━━━ Information

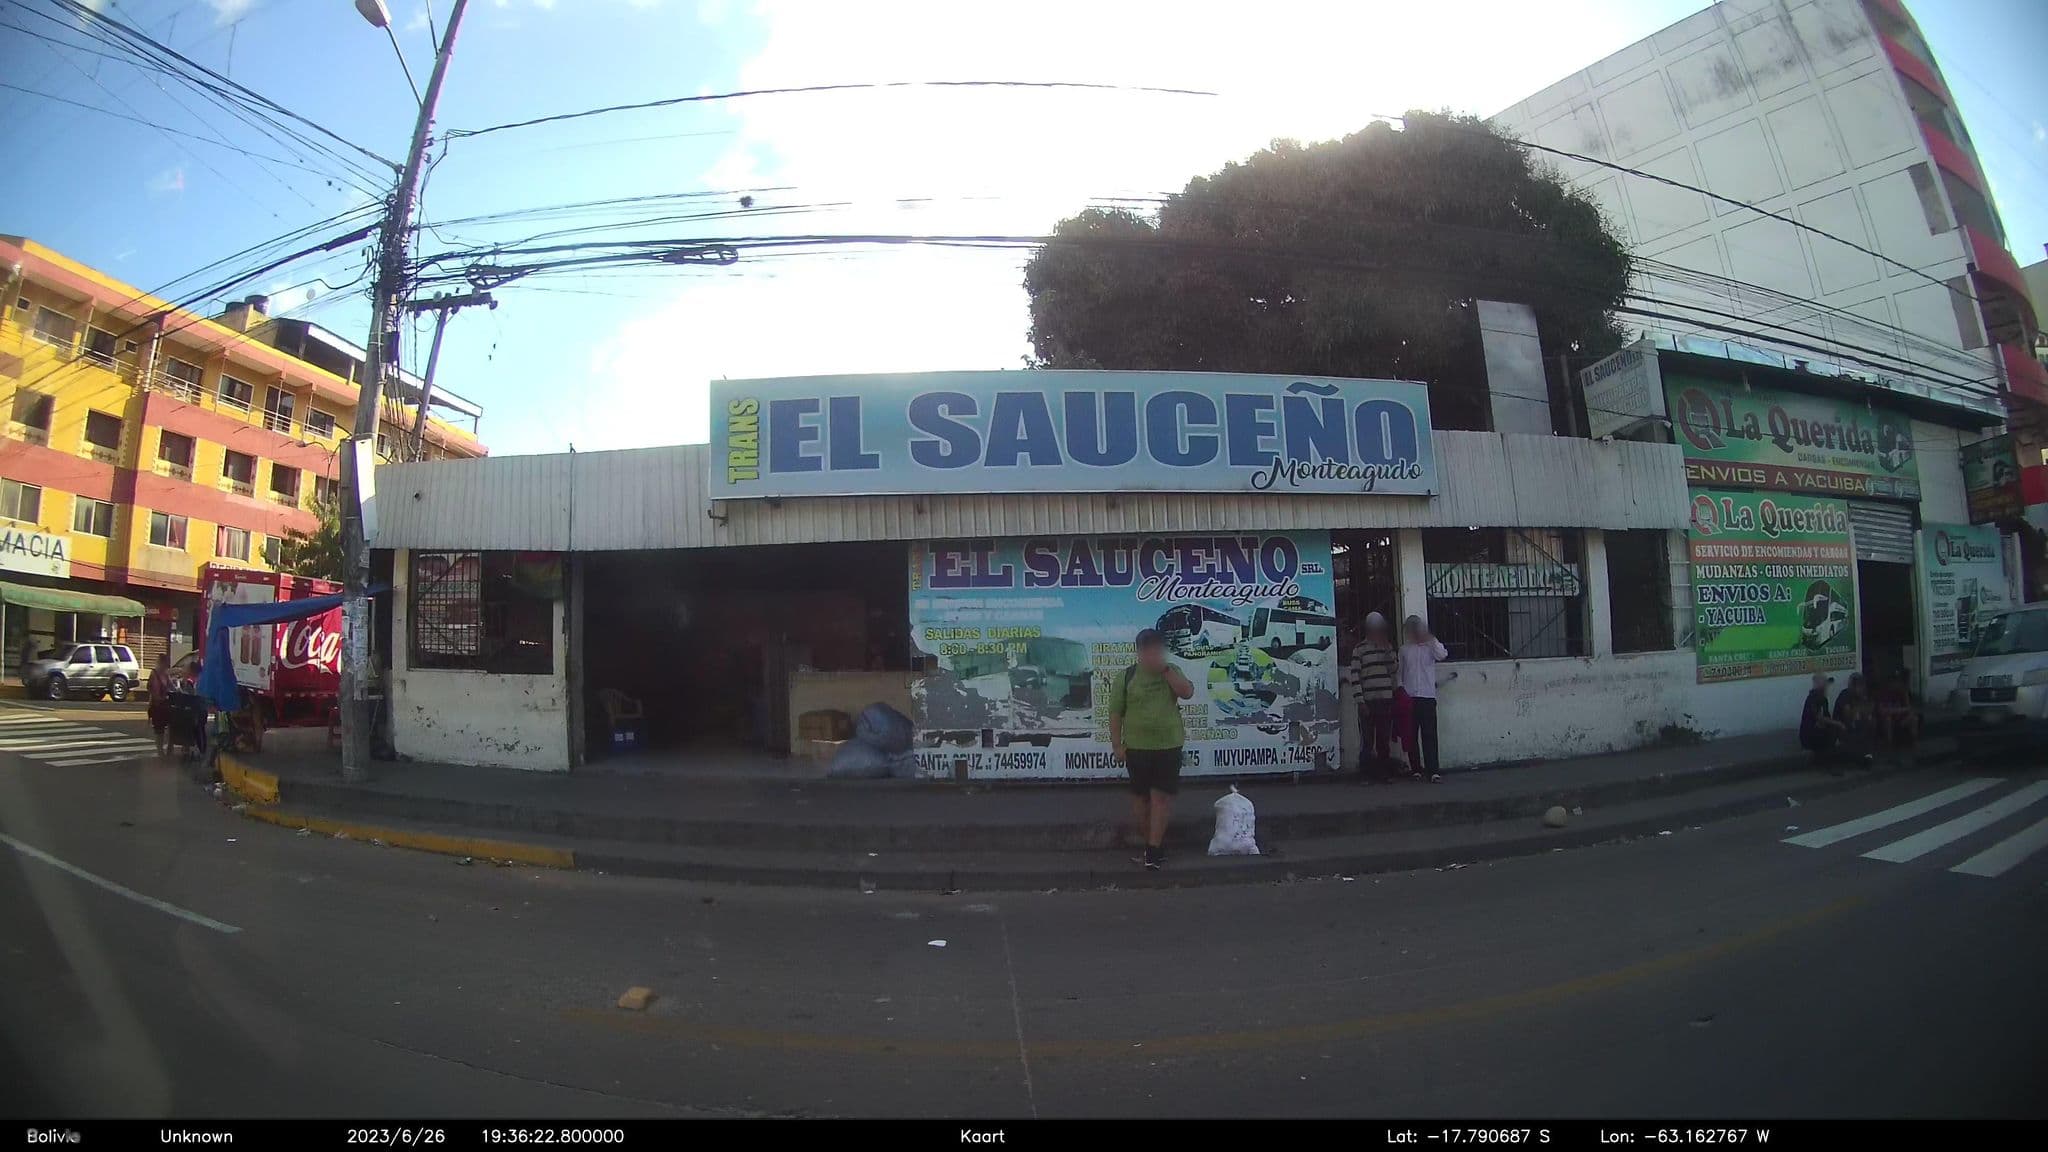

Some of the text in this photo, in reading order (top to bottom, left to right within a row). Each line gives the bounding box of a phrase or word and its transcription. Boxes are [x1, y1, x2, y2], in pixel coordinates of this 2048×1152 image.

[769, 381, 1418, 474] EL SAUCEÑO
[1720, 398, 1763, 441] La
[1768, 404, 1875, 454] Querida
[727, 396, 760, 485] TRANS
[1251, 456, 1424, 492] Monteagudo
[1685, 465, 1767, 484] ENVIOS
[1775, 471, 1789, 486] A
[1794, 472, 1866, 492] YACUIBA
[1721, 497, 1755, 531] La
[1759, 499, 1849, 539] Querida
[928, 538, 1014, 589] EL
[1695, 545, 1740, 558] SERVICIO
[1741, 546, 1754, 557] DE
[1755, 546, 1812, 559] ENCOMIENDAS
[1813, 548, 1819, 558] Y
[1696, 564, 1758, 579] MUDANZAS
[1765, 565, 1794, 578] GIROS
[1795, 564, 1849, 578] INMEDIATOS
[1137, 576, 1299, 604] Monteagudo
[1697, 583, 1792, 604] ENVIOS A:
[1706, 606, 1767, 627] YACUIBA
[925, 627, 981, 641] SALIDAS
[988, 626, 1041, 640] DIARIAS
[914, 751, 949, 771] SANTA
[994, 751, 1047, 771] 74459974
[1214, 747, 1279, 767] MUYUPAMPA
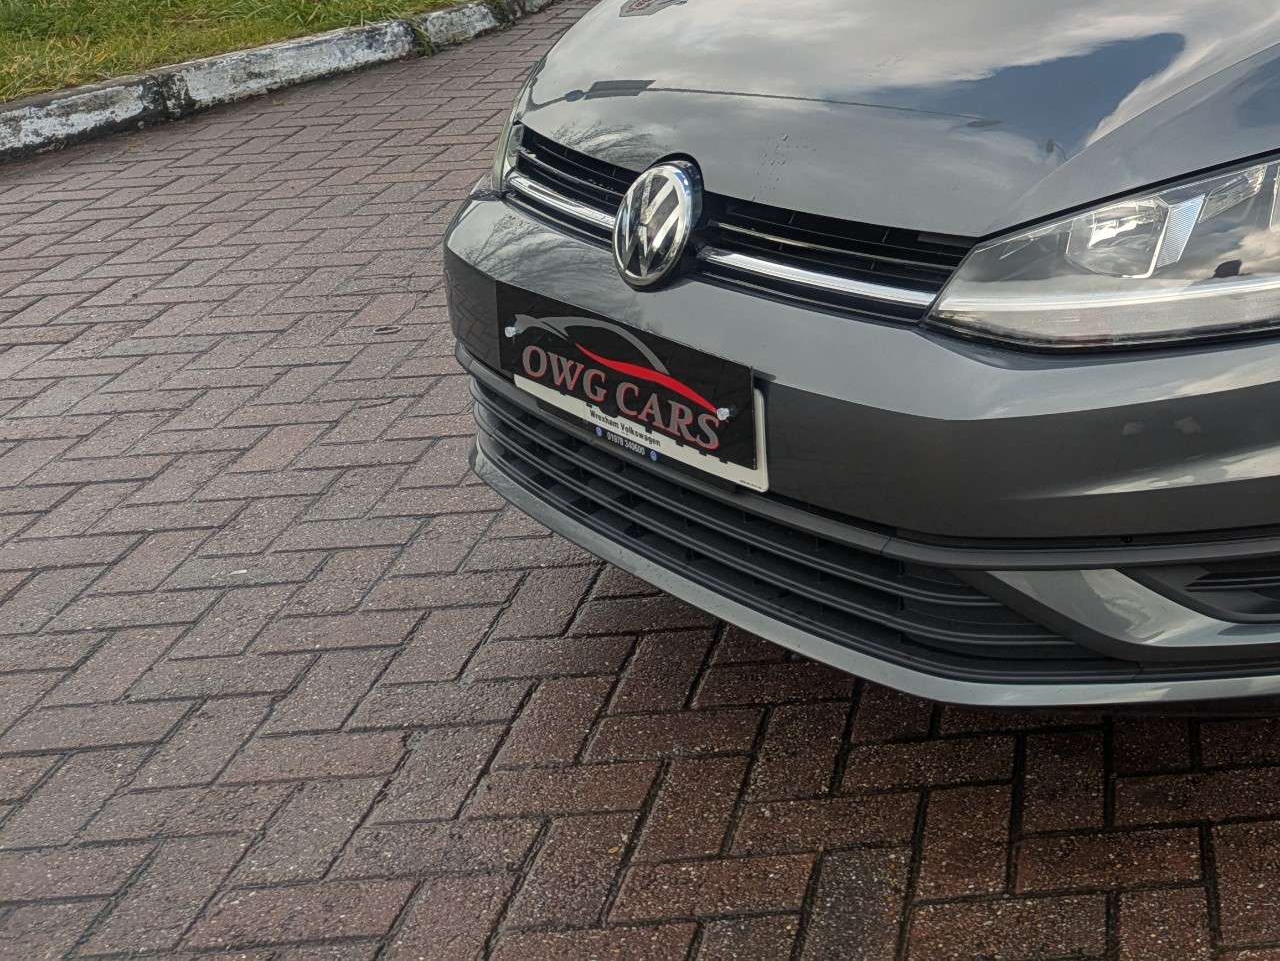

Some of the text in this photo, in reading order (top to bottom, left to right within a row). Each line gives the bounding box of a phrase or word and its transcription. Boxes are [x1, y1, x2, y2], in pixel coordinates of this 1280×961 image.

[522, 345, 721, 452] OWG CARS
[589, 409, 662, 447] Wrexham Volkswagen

━━━━━━

**Task statement**
Restate each entry word for word. Omit every picture.

**Response below**
Some of the text in this photo, in reading order (top to bottom, left to right within a row). Each line gives the bounding box of a phrase or word and its transcription. Boxes are [x1, y1, x2, y2], in pixel coordinates of this 2048×1152 image.

[769, 381, 1418, 474] EL SAUCEÑO
[1720, 398, 1763, 441] La
[1768, 404, 1875, 454] Querida
[727, 396, 760, 485] TRANS
[1251, 456, 1424, 492] Monteagudo
[1685, 465, 1767, 484] ENVIOS
[1775, 471, 1789, 486] A
[1794, 472, 1866, 492] YACUIBA
[1721, 497, 1755, 531] La
[1759, 499, 1849, 539] Querida
[928, 538, 1014, 589] EL
[1695, 545, 1740, 558] SERVICIO
[1741, 546, 1754, 557] DE
[1755, 546, 1812, 559] ENCOMIENDAS
[1813, 548, 1819, 558] Y
[1696, 564, 1758, 579] MUDANZAS
[1765, 565, 1794, 578] GIROS
[1795, 564, 1849, 578] INMEDIATOS
[1137, 576, 1299, 604] Monteagudo
[1697, 583, 1792, 604] ENVIOS A:
[1706, 606, 1767, 627] YACUIBA
[925, 627, 981, 641] SALIDAS
[988, 626, 1041, 640] DIARIAS
[914, 751, 949, 771] SANTA
[994, 751, 1047, 771] 74459974
[1214, 747, 1279, 767] MUYUPAMPA

Some of the text in this photo, in reading order (top to bottom, left to right within a row). Each line gives the bounding box of a phrase or word and its transcription. Boxes are [x1, y1, x2, y2], in pixel coordinates of this 1280×961 image.

[522, 345, 721, 452] OWG CARS
[589, 409, 662, 447] Wrexham Volkswagen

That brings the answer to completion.